Uma multidão ocupou cerca de sete quarteirões do centro financeiro de São Paulo, no Brasil, no dia 25 de fevereiro, para participar numa manifestação em “defesa da democracia” e apoio ao ex-presidente brasileiro, Jair Bolsonaro. Durante o evento, o antigo governante afirmou estar a ser “alvo de perseguição política” e negou ter planeado uma tentativa de golpe de Estado quando governava o Brasil.
“Levo pancada desde antes das eleições de 2018, passei quatro anos perseguido enquanto Presidente da República, essa perseguição aumentou a sua força quando deixei a Presidência”, disse Bolsonaro.
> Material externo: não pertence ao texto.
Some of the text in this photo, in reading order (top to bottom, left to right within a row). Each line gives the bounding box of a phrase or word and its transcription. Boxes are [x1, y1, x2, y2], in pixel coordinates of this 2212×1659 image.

Com forte adesão popular, Bolsonaro aproveitou a sua intervenção à multidão para criticar as investigações que o ligam a um plano para invalidar as eleições presidenciais de 2022. Em São Paulo, estiveram ao lado de Bolsonaro o governador do estado de São Paulo, Tarcísio de Freitas, e o prefeito da cidade de São Paulo, Ricardo Nunes, além de vários parlamentares e governadores conservadores.
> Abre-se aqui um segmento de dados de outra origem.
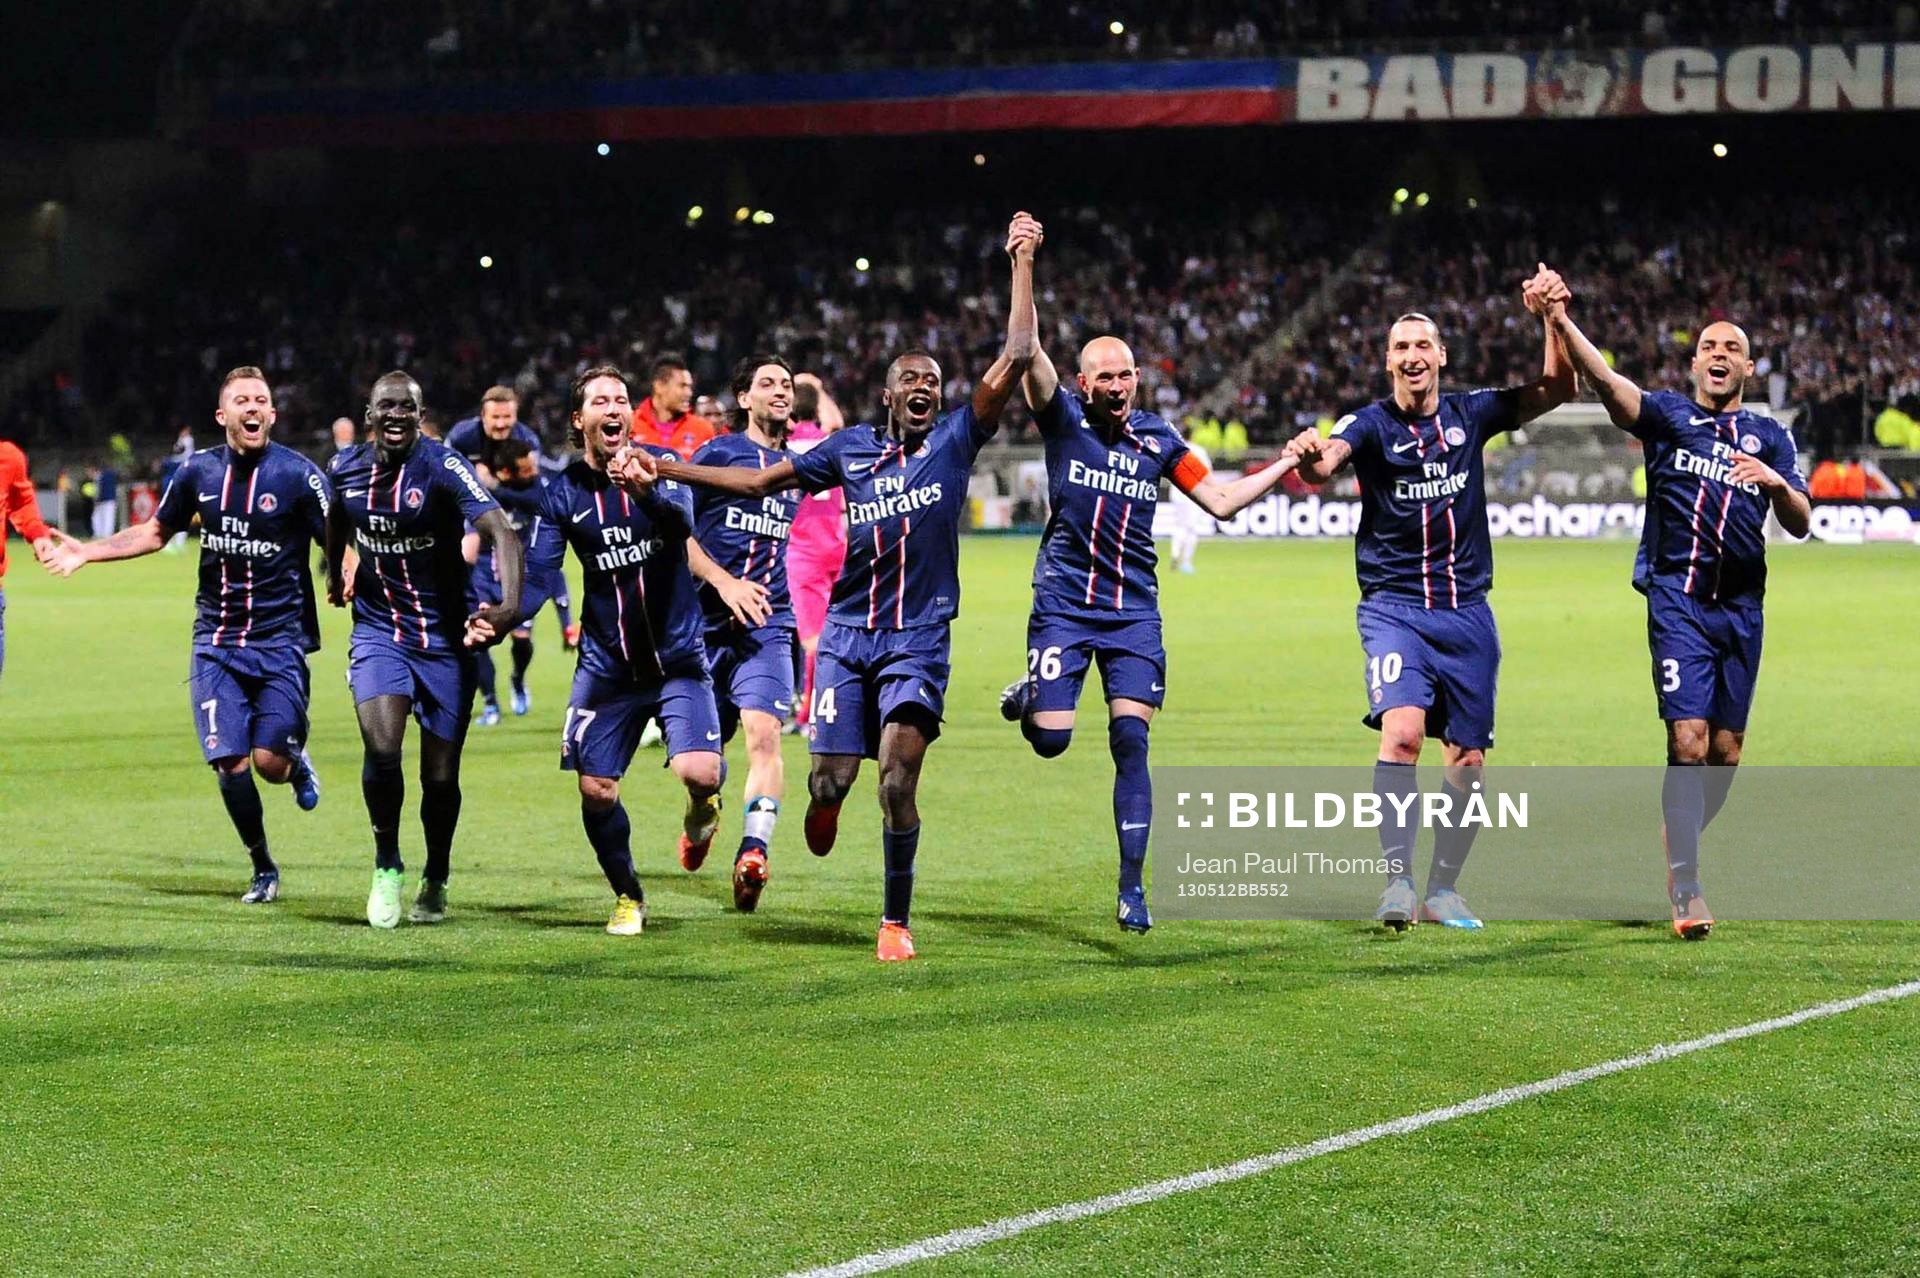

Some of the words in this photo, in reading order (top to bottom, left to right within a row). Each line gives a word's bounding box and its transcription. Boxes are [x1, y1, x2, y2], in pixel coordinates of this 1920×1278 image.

[1297, 53, 1529, 122] BAD
[1107, 450, 1139, 475] Fly
[1423, 461, 1448, 478] Fly
[874, 475, 905, 495] Fly
[1394, 469, 1469, 499] Emirate
[762, 496, 785, 519] Fly
[848, 482, 943, 525] Emirates
[221, 516, 250, 537] Fly
[368, 514, 398, 535] Fly
[601, 526, 632, 546] Fly
[1028, 646, 1062, 681] 26
[1370, 652, 1403, 690] 10
[1662, 658, 1681, 692] 3
[200, 699, 218, 734] 7
[562, 707, 597, 743] 17
“Bolsonaro queria dar um golpe. Sempre ouvi isso desde que assumi. O que é golpe? É tanque na rua, é arma, é conspiração, é trazer classes empresariais para o seu lado, nada disso foi feito no Brasil. Nada disso eu fiz, e continuam-me a acusar de golpe”, alertou o ex-presidente.
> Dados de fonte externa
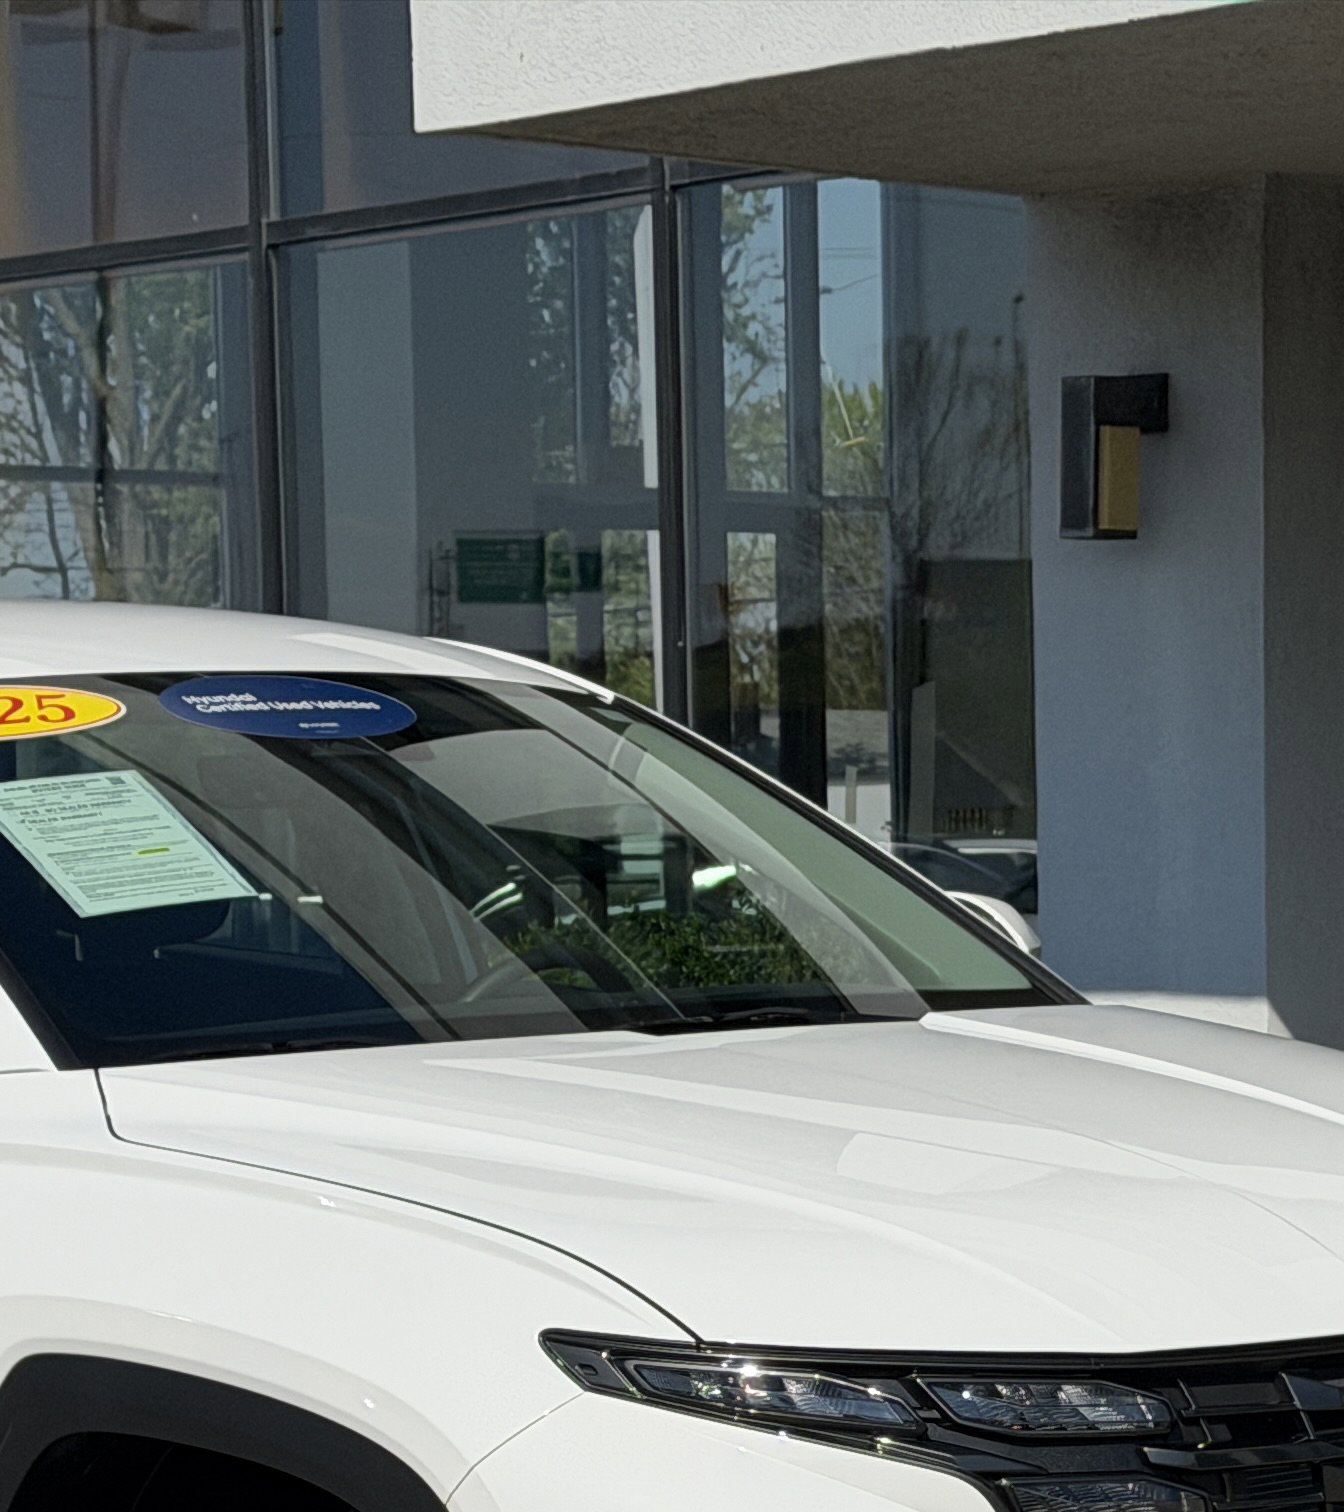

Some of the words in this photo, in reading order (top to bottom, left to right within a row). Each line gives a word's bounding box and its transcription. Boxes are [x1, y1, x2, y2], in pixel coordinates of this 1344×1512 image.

[181, 693, 258, 705] Hyundai
[196, 702, 270, 713] Certified
[267, 701, 314, 711] Used
[310, 700, 382, 710] Vehicles
A ação foi convocada por Bolsonaro ainda no dia 12 de fevereiro, quatro dias após ter sido um dos alvos de uma grande operação policial no Brasil como suspeito de planear uma alegada tentativa de golpe de Estado que não se concretizou.
Nas últimas semanas antes deste evento, Bolsonaro apelou aos seus apoiantes para participarem numa “manifestação pacífica em defesa do Estado democrático de direito”. Muitos utilizam a camisola da seleção brasileira de futebol, mas sem faixas ou cartazes, a pedido de Bolsonaro, que solicitou, já na Avenida Paulista, amnistia para os seus apoiantes que foram detidos no dia 08 de janeiro de 2023, depois de invadirem e vandalizarem os edifícios do Supremo Tribunal Federal, do Congresso e do Palácio do Planalto, em Brasília.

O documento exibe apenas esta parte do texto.